• ABOUT THIS EXERCISE: The entries below are to be repeated exactly, with the pictures left out.

(Saved entries)
--- START ---

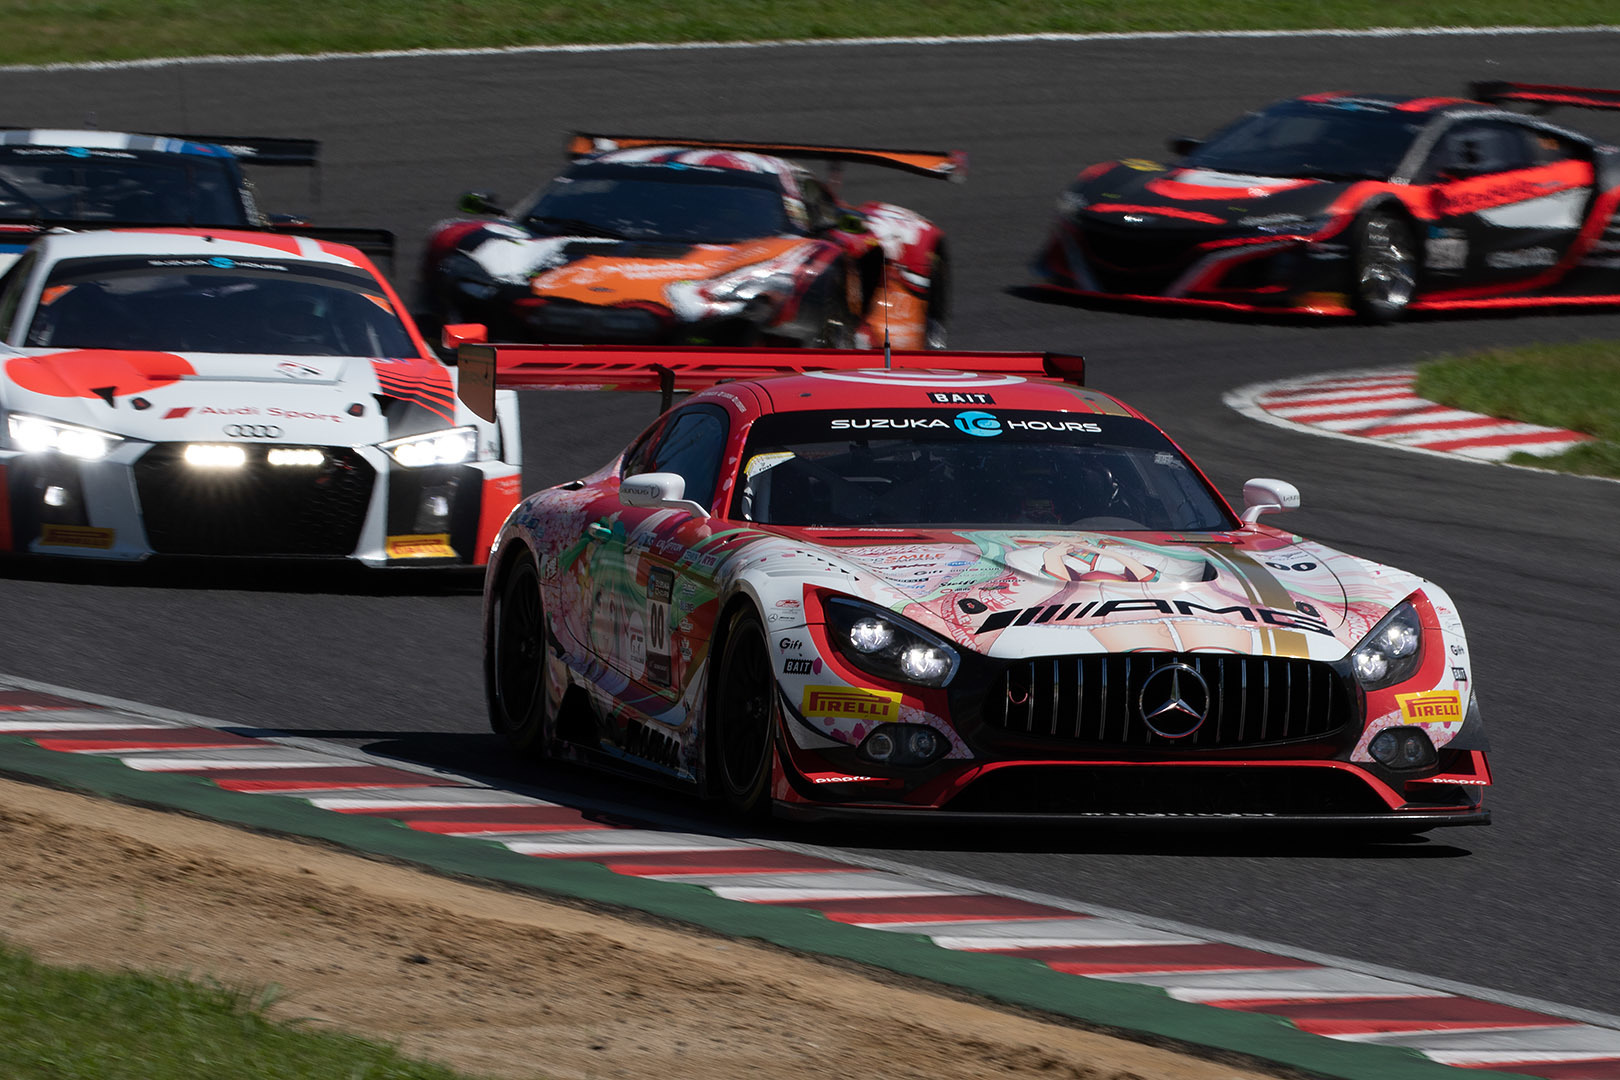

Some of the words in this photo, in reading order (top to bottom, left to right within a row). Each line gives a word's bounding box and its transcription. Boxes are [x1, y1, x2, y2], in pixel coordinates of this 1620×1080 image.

[933, 393, 986, 404] BAIT
[199, 406, 258, 416] Audi
[266, 407, 344, 424] Sport
[830, 418, 950, 430] SUZUKA
[1007, 420, 1102, 433] HOURS
[650, 602, 665, 650] 00
[1091, 600, 1336, 638] AMG
[779, 637, 803, 650] Gift
[785, 660, 812, 674] BAIT
[809, 691, 892, 716] PIRELLI
[1405, 696, 1460, 718] PIRELLI

--- END ---

• SOLUTION FOR THIS PROBLEM:
Some of the words in this photo, in reading order (top to bottom, left to right within a row). Each line gives a word's bounding box and its transcription. Boxes are [x1, y1, x2, y2], in pixel coordinates of this 1620×1080 image.

[933, 393, 986, 404] BAIT
[199, 406, 258, 416] Audi
[266, 407, 344, 424] Sport
[830, 418, 950, 430] SUZUKA
[1007, 420, 1102, 433] HOURS
[650, 602, 665, 650] 00
[1091, 600, 1336, 638] AMG
[779, 637, 803, 650] Gift
[785, 660, 812, 674] BAIT
[809, 691, 892, 716] PIRELLI
[1405, 696, 1460, 718] PIRELLI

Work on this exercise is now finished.